----- RECORDED DATA
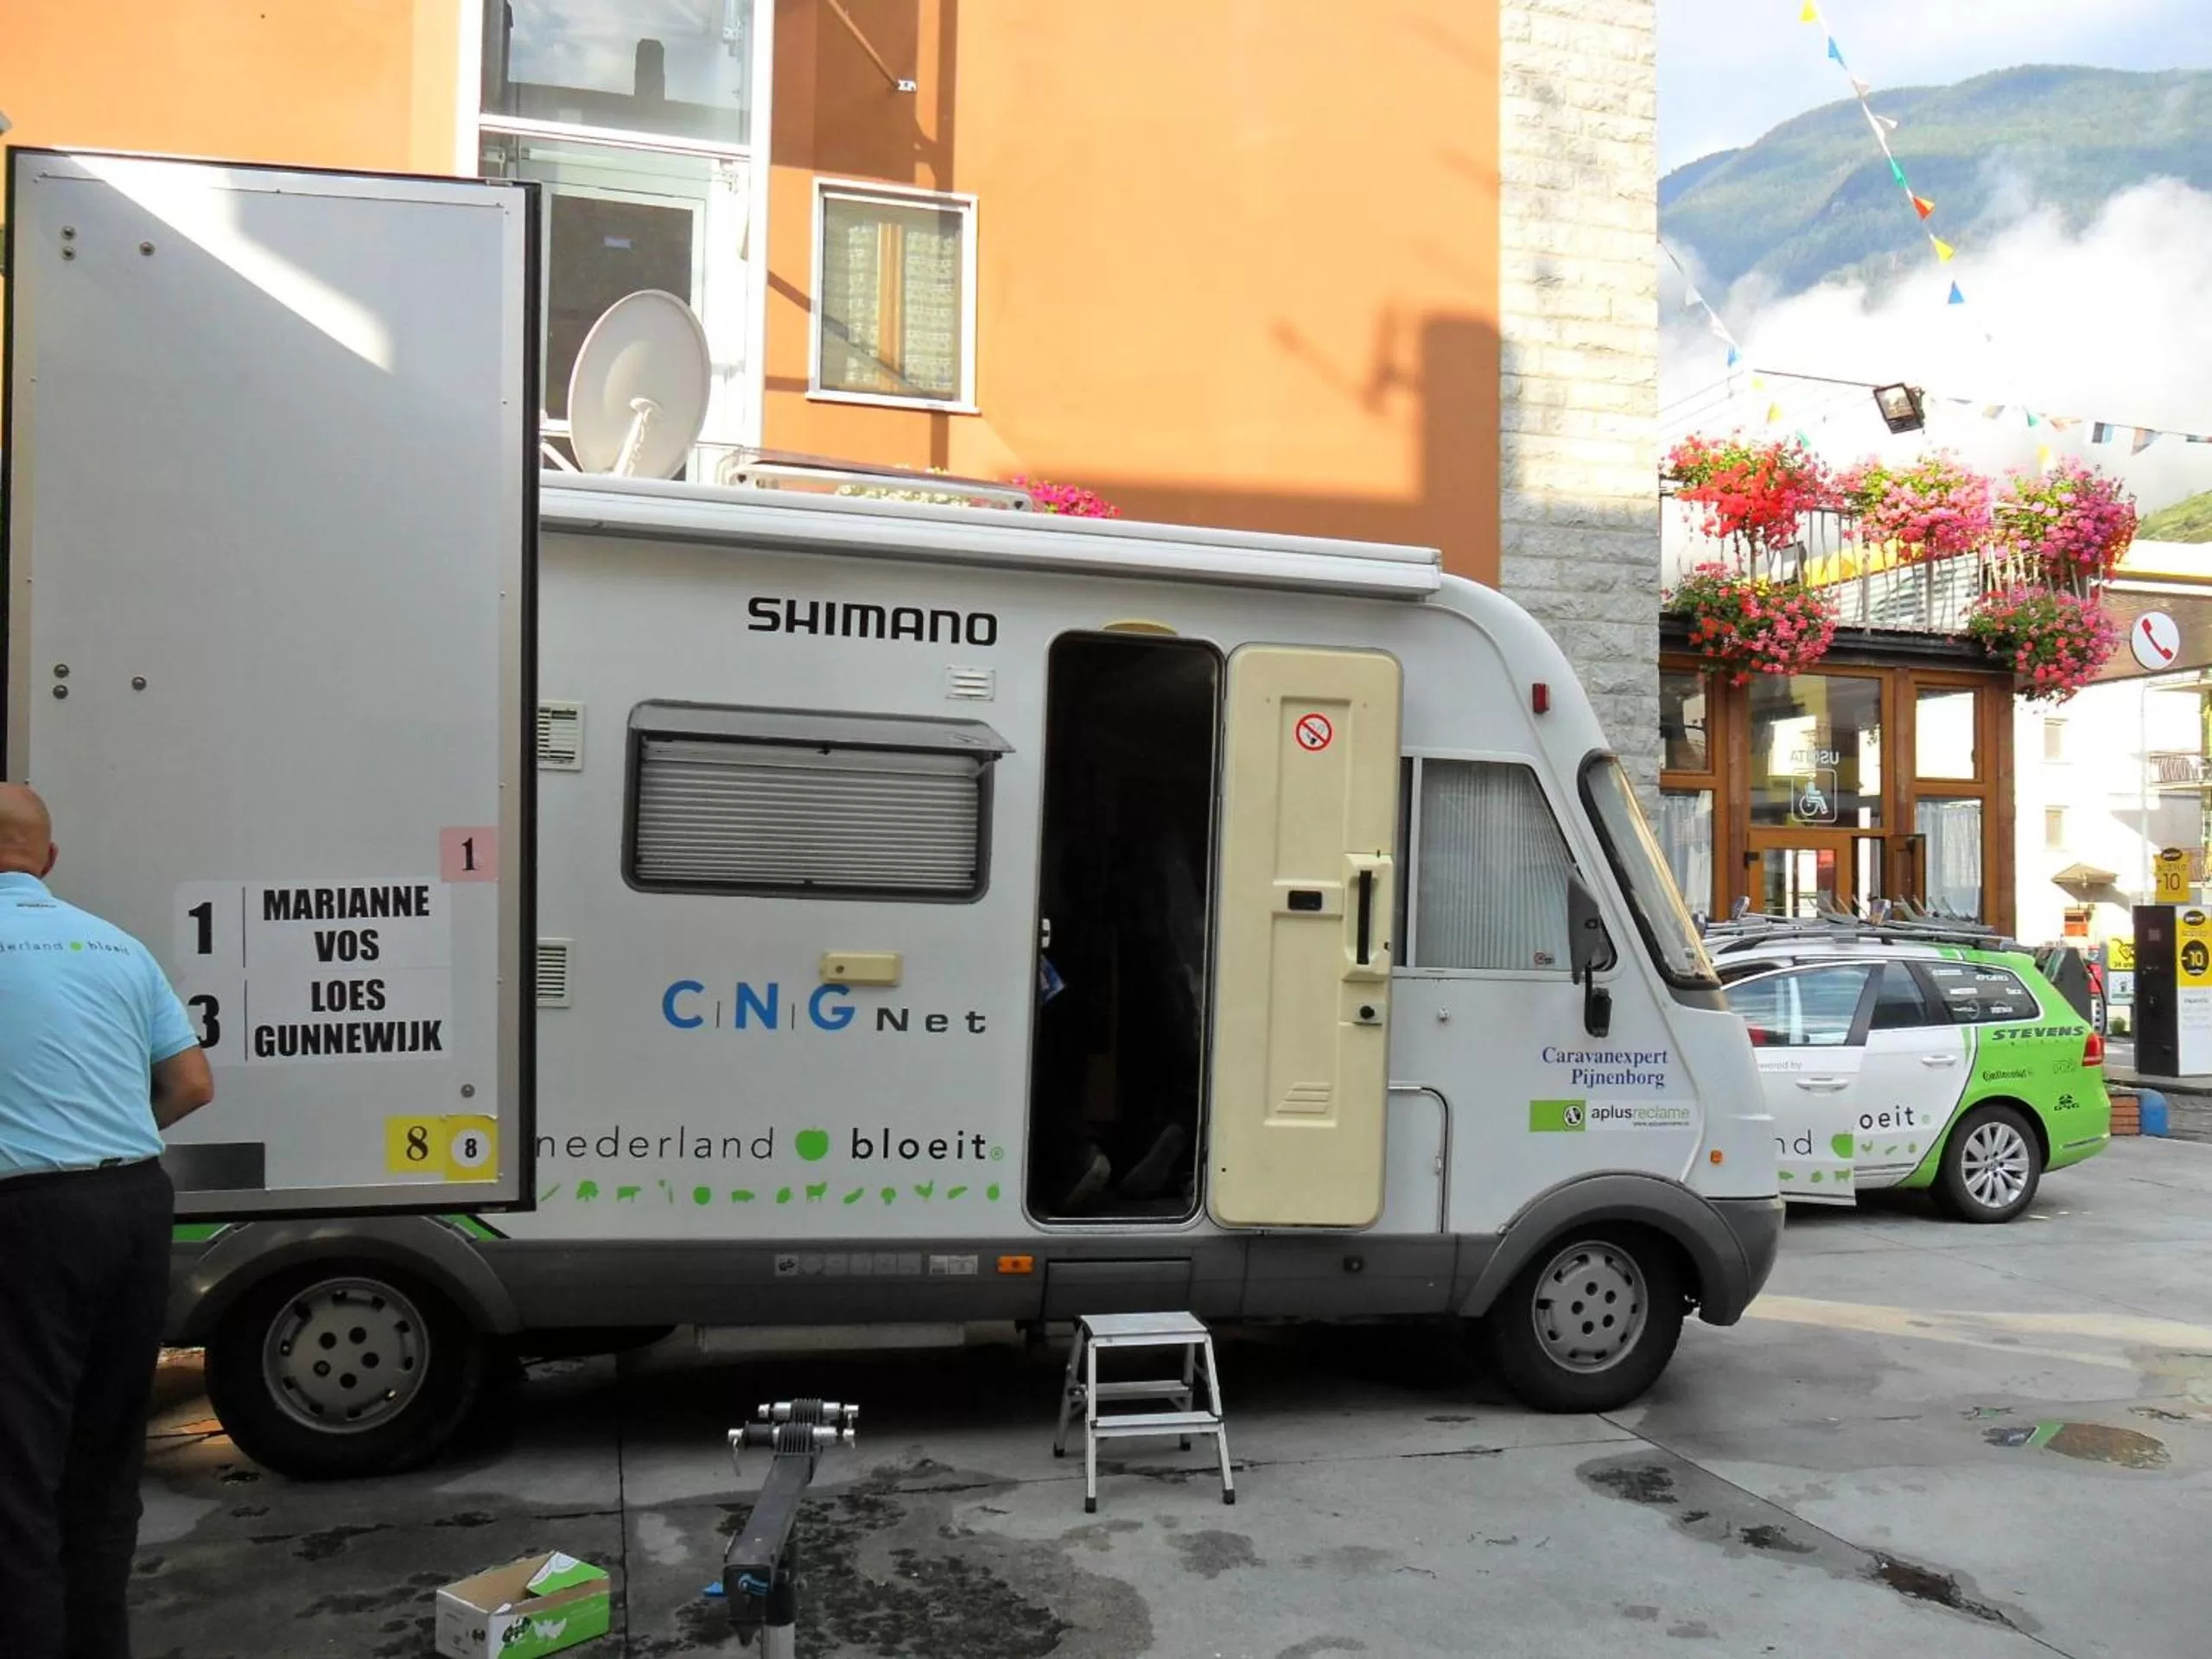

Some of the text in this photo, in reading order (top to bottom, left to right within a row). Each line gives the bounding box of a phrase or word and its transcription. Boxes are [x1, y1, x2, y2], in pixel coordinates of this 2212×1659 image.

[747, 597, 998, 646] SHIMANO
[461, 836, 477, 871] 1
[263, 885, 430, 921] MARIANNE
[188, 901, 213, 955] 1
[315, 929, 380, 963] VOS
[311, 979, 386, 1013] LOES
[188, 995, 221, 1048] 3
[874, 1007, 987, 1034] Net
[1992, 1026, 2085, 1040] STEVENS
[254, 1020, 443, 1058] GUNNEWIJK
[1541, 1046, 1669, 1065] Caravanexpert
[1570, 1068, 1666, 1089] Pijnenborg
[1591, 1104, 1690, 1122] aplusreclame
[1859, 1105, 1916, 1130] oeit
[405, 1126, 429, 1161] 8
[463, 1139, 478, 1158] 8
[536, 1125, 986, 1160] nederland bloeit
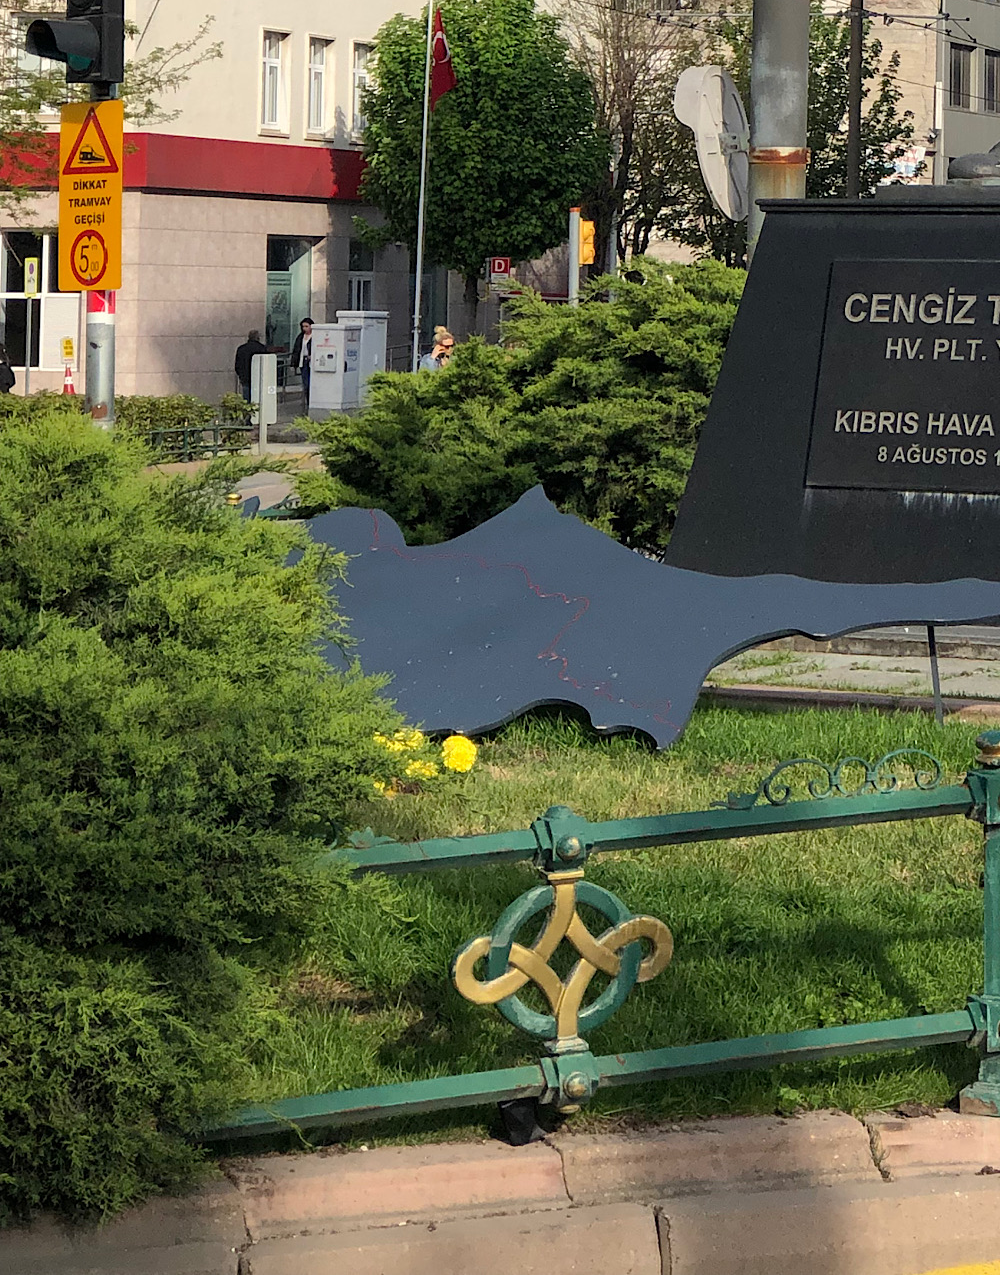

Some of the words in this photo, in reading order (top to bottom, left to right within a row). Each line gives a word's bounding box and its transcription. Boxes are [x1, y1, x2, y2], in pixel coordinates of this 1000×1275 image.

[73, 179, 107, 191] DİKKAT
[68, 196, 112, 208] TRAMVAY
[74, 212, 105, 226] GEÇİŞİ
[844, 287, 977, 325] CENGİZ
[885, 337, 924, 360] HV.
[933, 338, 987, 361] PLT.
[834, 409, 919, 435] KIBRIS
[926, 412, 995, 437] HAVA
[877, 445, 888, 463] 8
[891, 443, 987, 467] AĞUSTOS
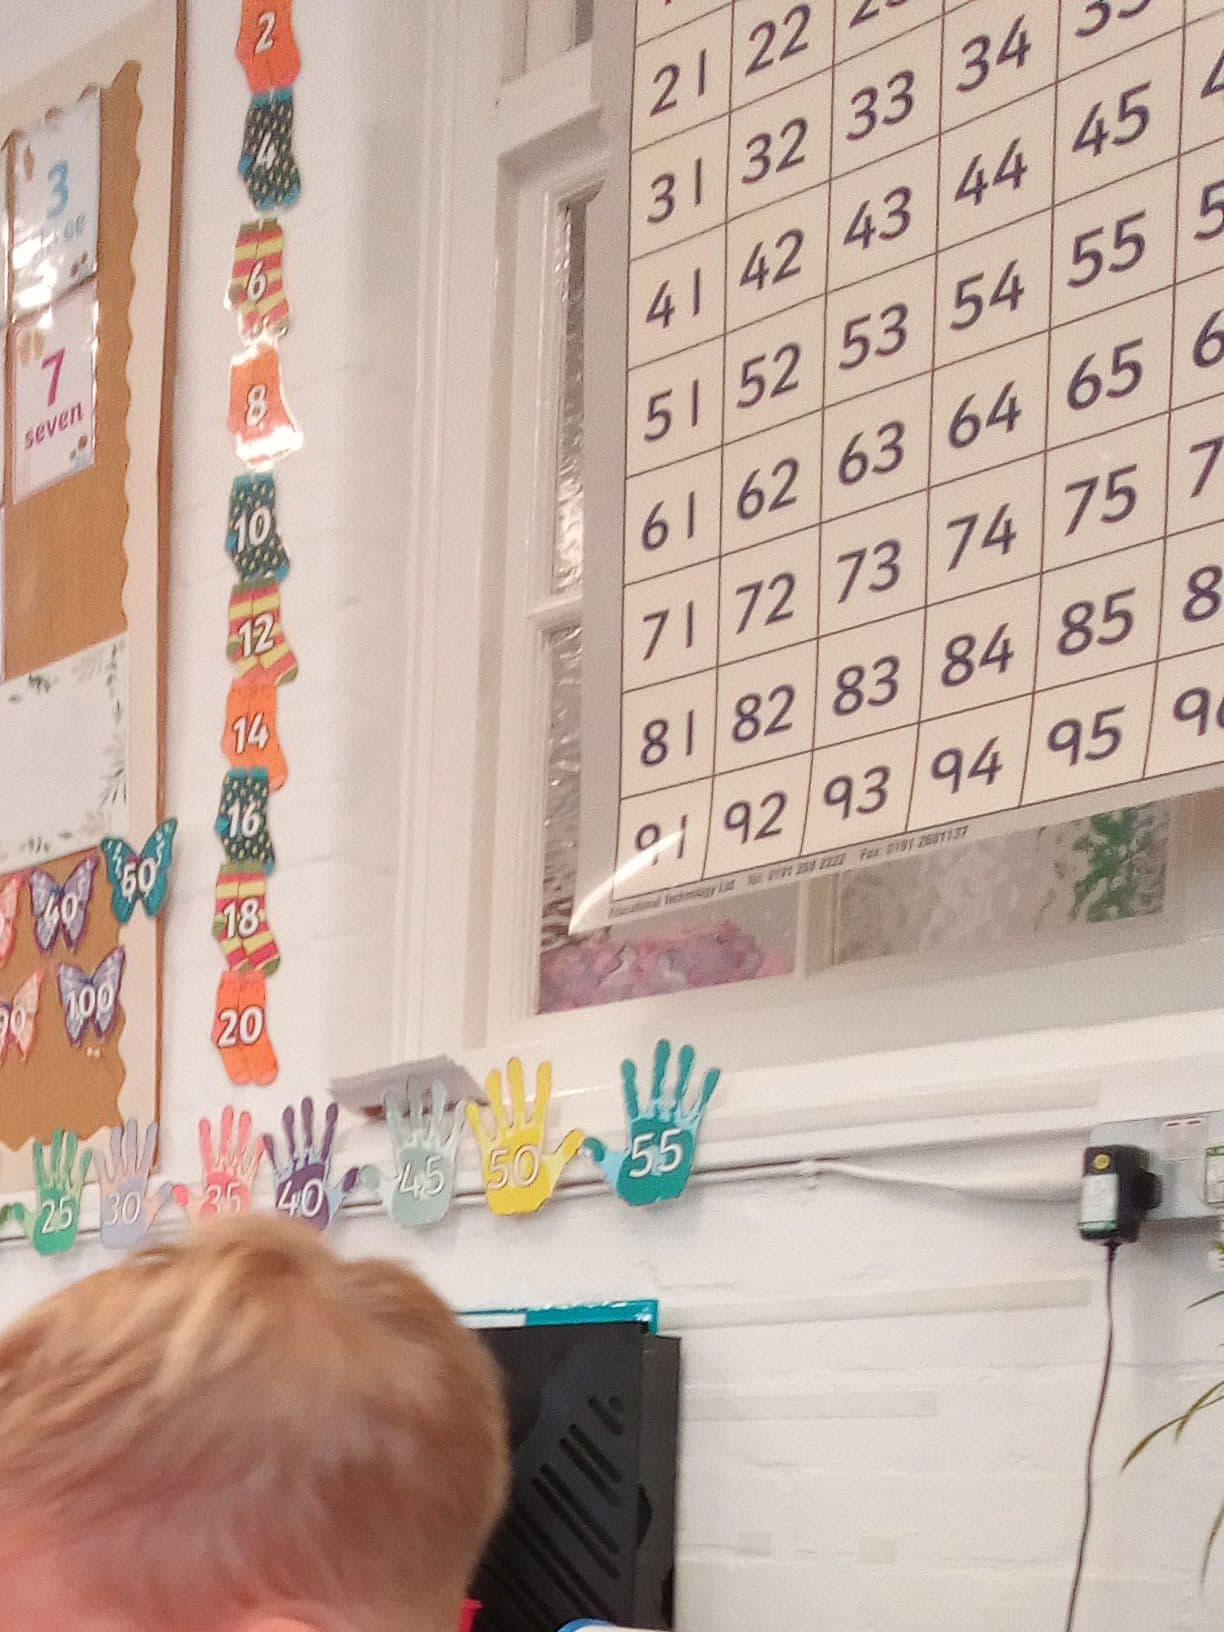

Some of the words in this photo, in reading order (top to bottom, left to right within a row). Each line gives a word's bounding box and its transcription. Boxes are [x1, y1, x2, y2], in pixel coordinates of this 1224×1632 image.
----------
Could you restate the entries word for word, skipping any pictures?

■ EXERCISE OUTPUT ■
Some of the text in this photo, in reading order (top to bottom, left to right within a row). Each line gives the bounding box of a phrase or word and its transcription. Boxes are [x1, y1, x2, y2], in pixel coordinates of this 2212×1659 image.

[747, 597, 998, 646] SHIMANO
[461, 836, 477, 871] 1
[263, 885, 430, 921] MARIANNE
[188, 901, 213, 955] 1
[315, 929, 380, 963] VOS
[311, 979, 386, 1013] LOES
[188, 995, 221, 1048] 3
[874, 1007, 987, 1034] Net
[1992, 1026, 2085, 1040] STEVENS
[254, 1020, 443, 1058] GUNNEWIJK
[1541, 1046, 1669, 1065] Caravanexpert
[1570, 1068, 1666, 1089] Pijnenborg
[1591, 1104, 1690, 1122] aplusreclame
[1859, 1105, 1916, 1130] oeit
[405, 1126, 429, 1161] 8
[463, 1139, 478, 1158] 8
[536, 1125, 986, 1160] nederland bloeit

Some of the words in this photo, in reading order (top to bottom, left to right within a row). Each line gives a word's bounding box and its transcription. Boxes are [x1, y1, x2, y2], in pixel coordinates of this 1000×1275 image.

[73, 179, 107, 191] DİKKAT
[68, 196, 112, 208] TRAMVAY
[74, 212, 105, 226] GEÇİŞİ
[844, 287, 977, 325] CENGİZ
[885, 337, 924, 360] HV.
[933, 338, 987, 361] PLT.
[834, 409, 919, 435] KIBRIS
[926, 412, 995, 437] HAVA
[877, 445, 888, 463] 8
[891, 443, 987, 467] AĞUSTOS

Some of the words in this photo, in reading order (top to bottom, left to right within a row). Each line gives a word's bounding box and its transcription. Boxes are [x1, y1, x2, y2], in pixel coordinates of this 1224×1632 image.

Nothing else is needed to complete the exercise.